- [Work required]: All lines from the one containing "Some of the words" through the final line of the material below must appear exactly as they are, with nothing else.

- [Data under study]:
-=-=-
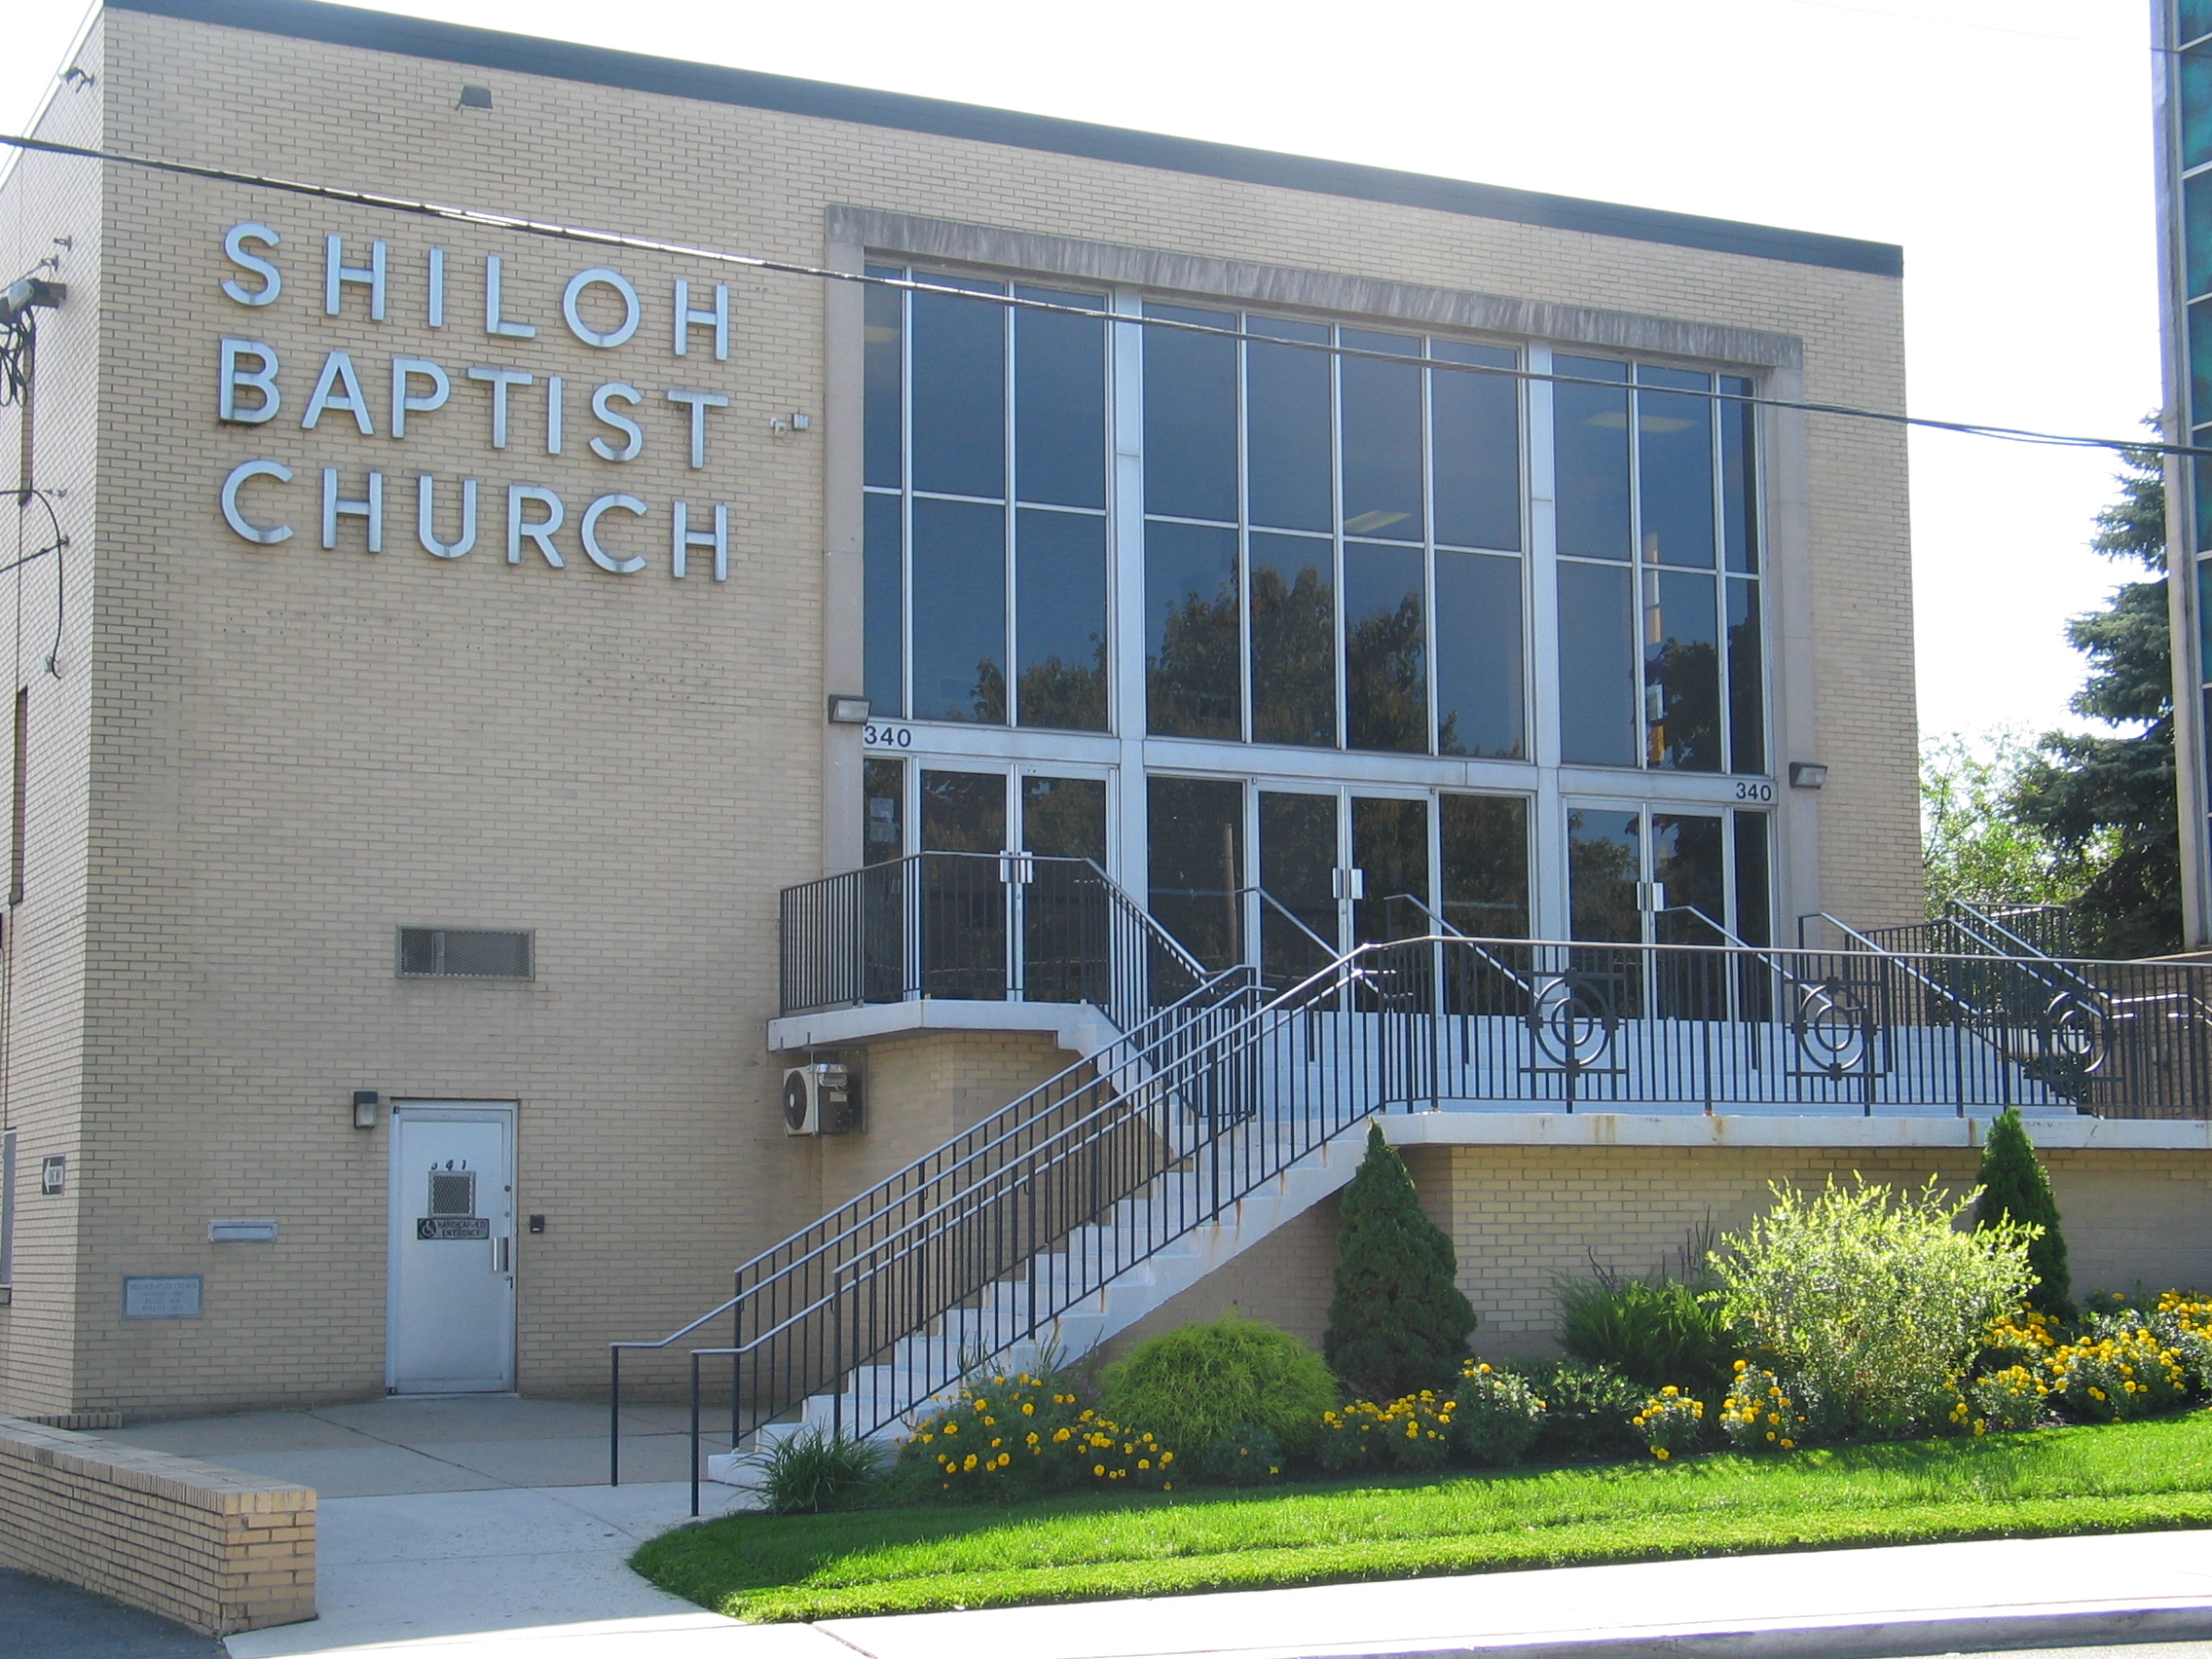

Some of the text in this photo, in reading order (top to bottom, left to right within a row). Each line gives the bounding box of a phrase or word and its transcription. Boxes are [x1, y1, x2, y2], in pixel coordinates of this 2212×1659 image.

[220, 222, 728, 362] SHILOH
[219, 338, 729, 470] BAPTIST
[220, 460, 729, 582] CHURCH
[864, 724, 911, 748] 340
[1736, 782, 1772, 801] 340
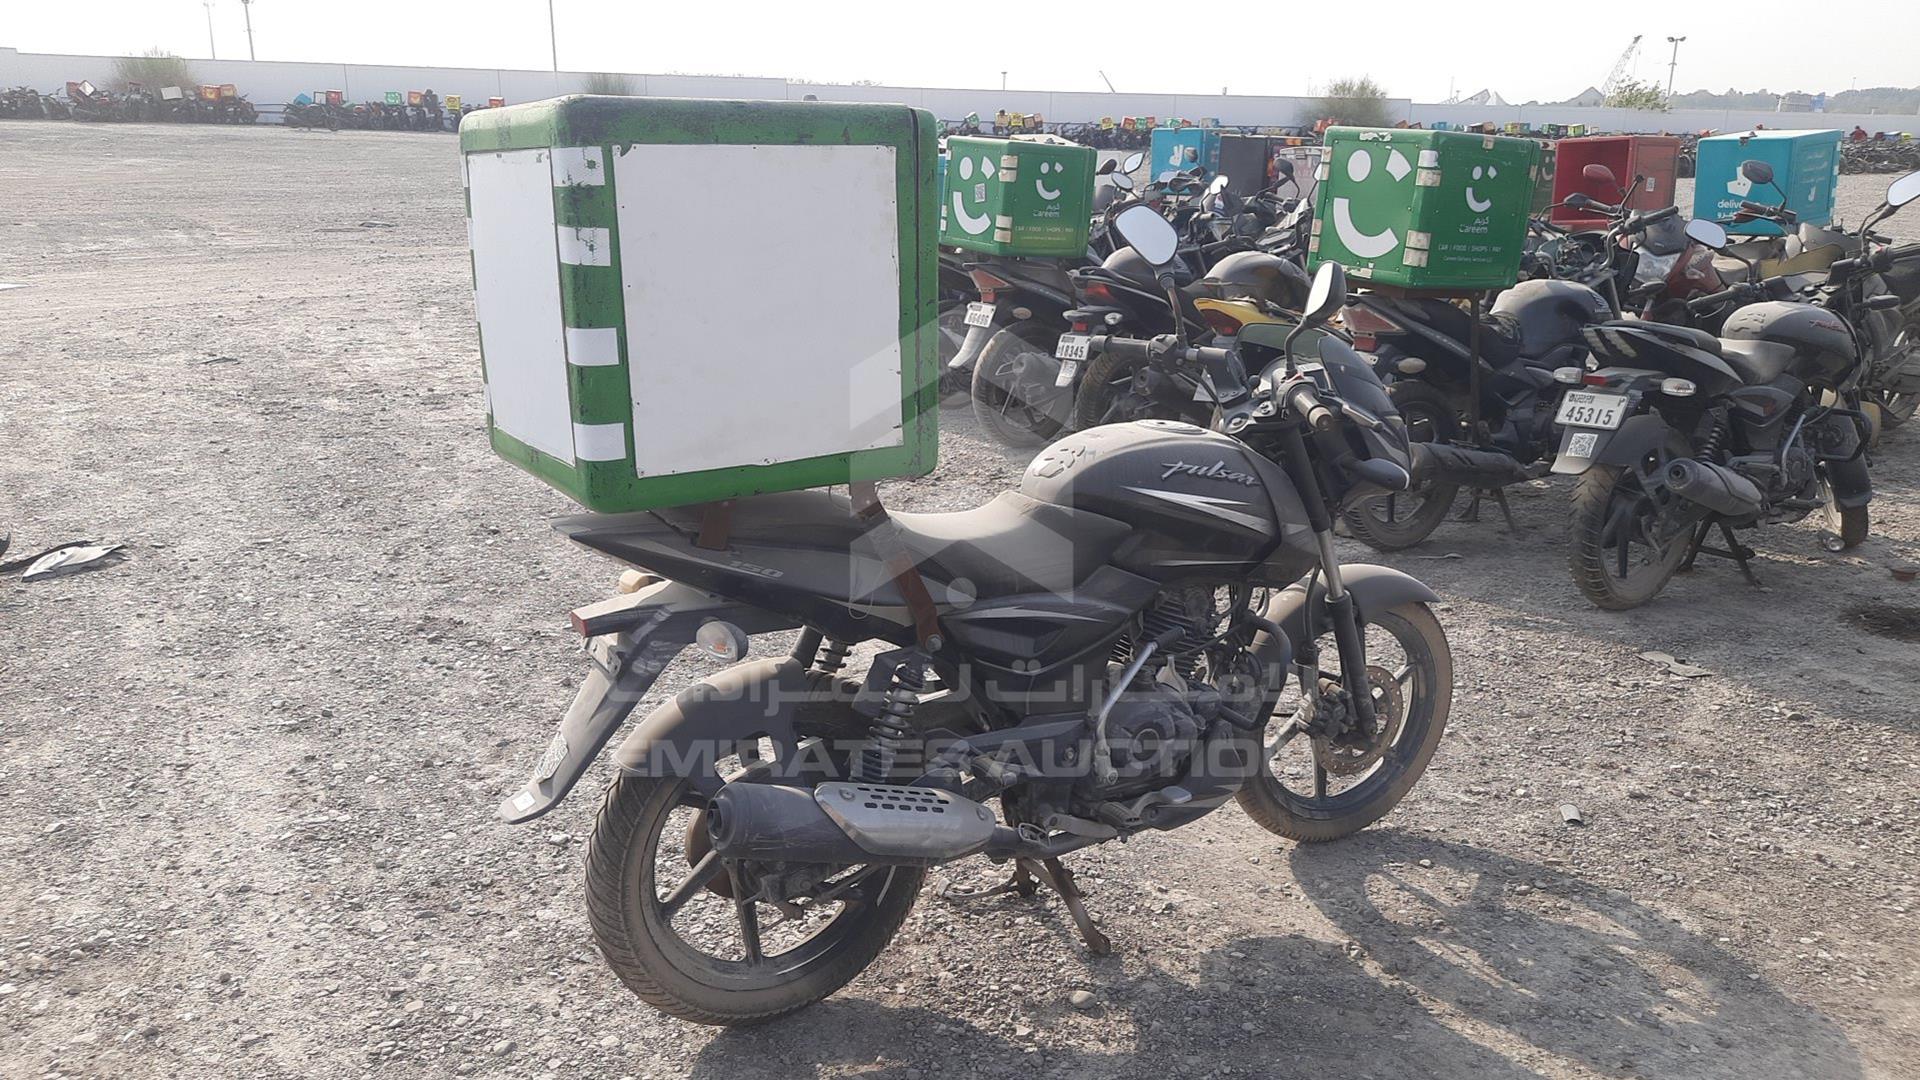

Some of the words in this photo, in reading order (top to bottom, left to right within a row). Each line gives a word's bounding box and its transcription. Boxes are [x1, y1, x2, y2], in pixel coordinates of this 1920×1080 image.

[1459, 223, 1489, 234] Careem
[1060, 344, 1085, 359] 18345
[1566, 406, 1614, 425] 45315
-=-=-
- [Finished task]:
Some of the words in this photo, in reading order (top to bottom, left to right within a row). Each line gives a word's bounding box and its transcription. Boxes are [x1, y1, x2, y2], in pixel coordinates of this 1920×1080 image.

[1459, 223, 1489, 234] Careem
[1060, 344, 1085, 359] 18345
[1566, 406, 1614, 425] 45315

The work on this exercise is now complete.